The response plan is structured to control the country’s reaction to the disease by, for example, undertaking projects that are intended to firstly, observe, and explore outbreaks when they take place. Secondly, the stakeholders pinpoint and categorize the infection's complexion and the clinical severity of the disease. Thirdly, they research breathing disease-specific administration policies. Next, they respond instantly and efficiently to reduce the effects of COVID 19. Again, these stakeholders commit policies to keep down the risk of the continued spread of the disease (Anikeeva et al., 2008). Equally important is the stakeholders' responsibility to contribute to the expeditious and optimistic healing of persons, confraternity, and services.
The stakeholders' principal aim in Australia's health response and implementation is to shield the country's economic and social purposes. The primary activities involved in the containment of the disease in Australia takes place in two main stages (Anikeeva et al., 2008). That is the Action stage and Stand-down stage. In the Action stage, activities include minimisation of transmission, preparation of, and bolster up of health structure needs, among others (Anikeeva et al., 2008). On the other hand, the Stand-down stage involves support and conservation of quality care, evaluation of systems, and revision of strategies.
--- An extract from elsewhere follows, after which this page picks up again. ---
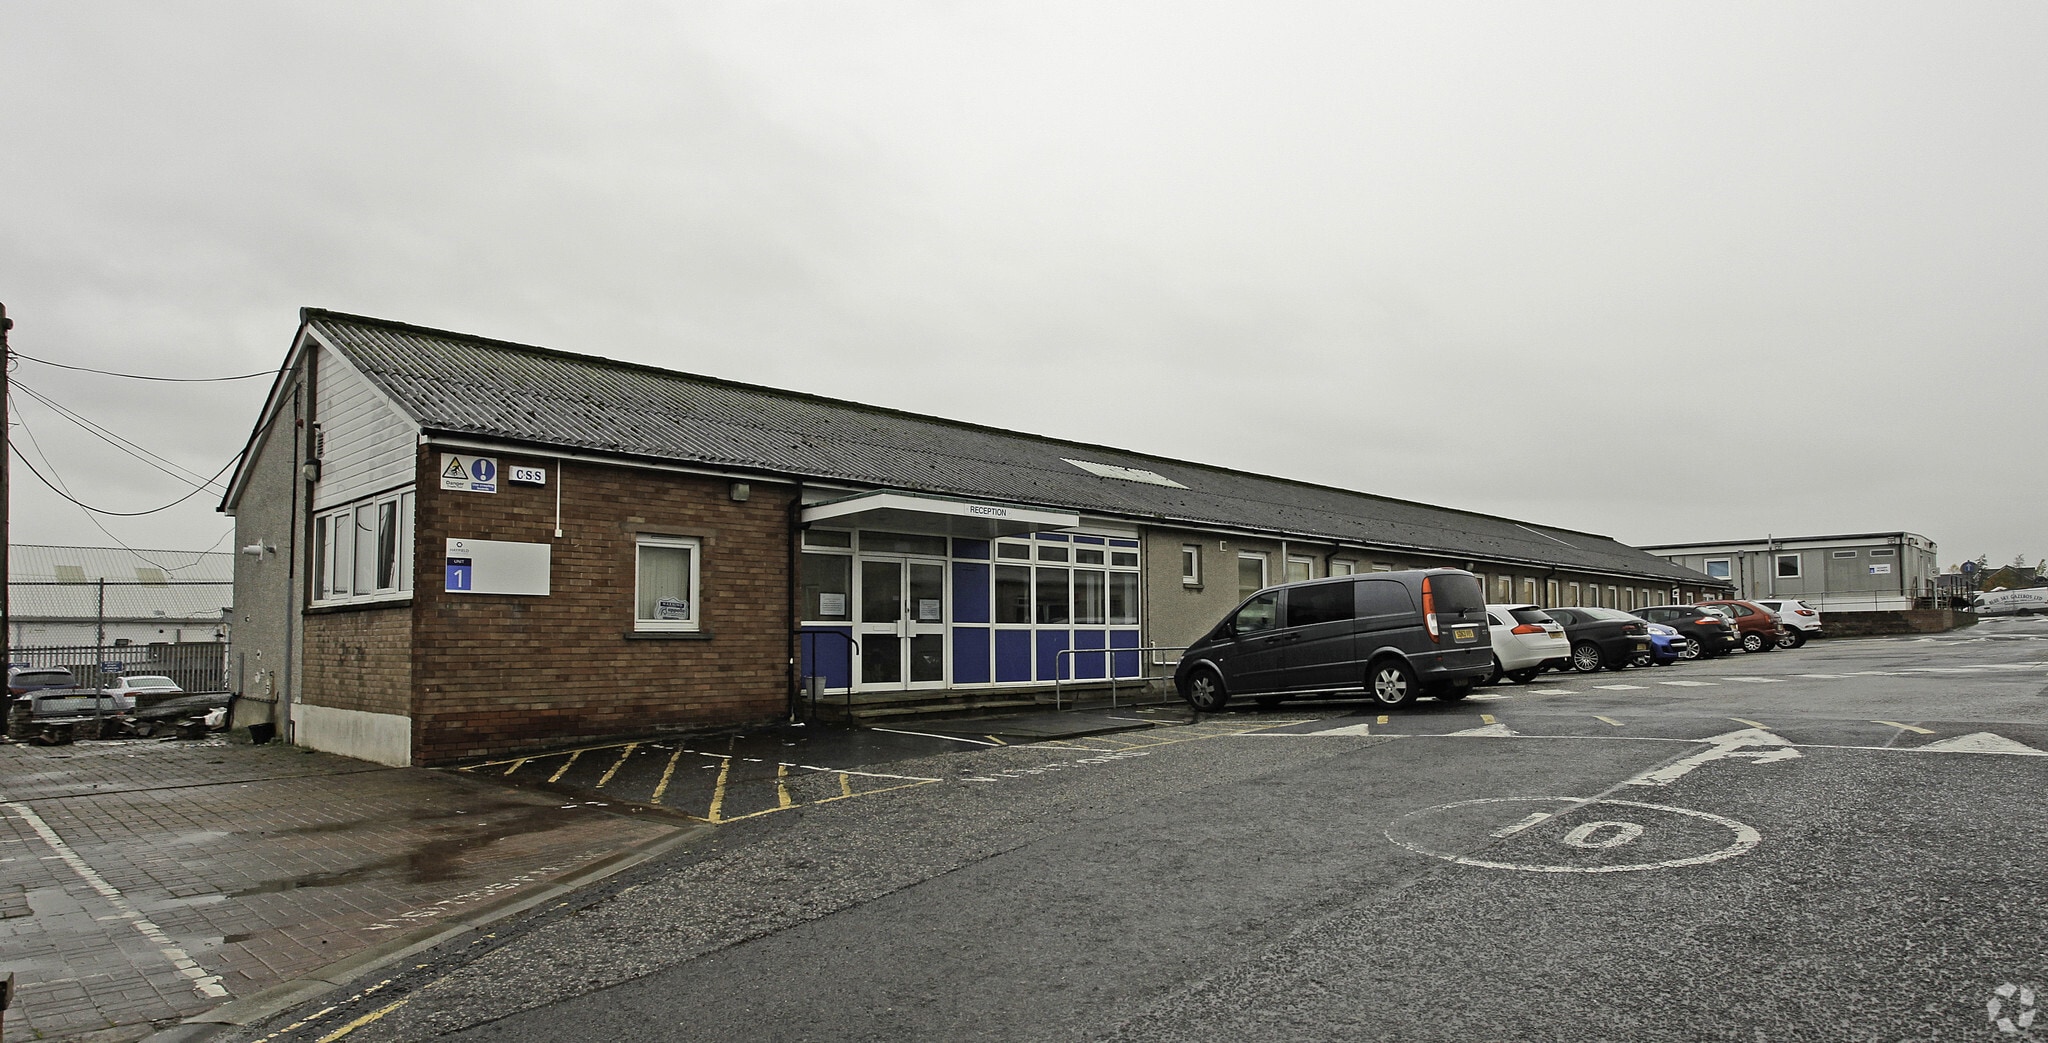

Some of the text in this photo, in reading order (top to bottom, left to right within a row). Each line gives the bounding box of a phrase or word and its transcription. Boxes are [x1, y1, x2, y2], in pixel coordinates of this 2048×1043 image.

[970, 505, 1007, 516] RECEPTION
[453, 569, 463, 588] 1
[1490, 812, 1644, 849] 10
COVID 19 patients should take effective care to ensure they do not spread the disease to others. For example, such individuals are required to self-isolate themselves from family members, friends, and the general public. They do this by, for instance, attending to quarantine facilities. However, these patients' isolation and quarantine limit their rights and freedom of movement and association (Kotalik, 2005). Again, the World Health Organisation (WHO) advises that those with COVID 19 symptoms stay home. But these strategies raise ethical severe and existential aspects. For instance, limiting movement and compelling individuals to remain at home, especially in the informal sectors, are hard hit. For example, their daily lives rely on daily incomes. As a consequence, the inability to go for work heightens impoverishment and continued suffering.
Besides, the real ethical problem is presented from the antagonism between disease control and poverty. Whereas it may be necessary to limit people's movement so that the infection rate is minimized, the levels of hunger and starvations are likely to increase (Kotalik, 2005). Consequently, it forces both the government and the individuals to make poor decisions.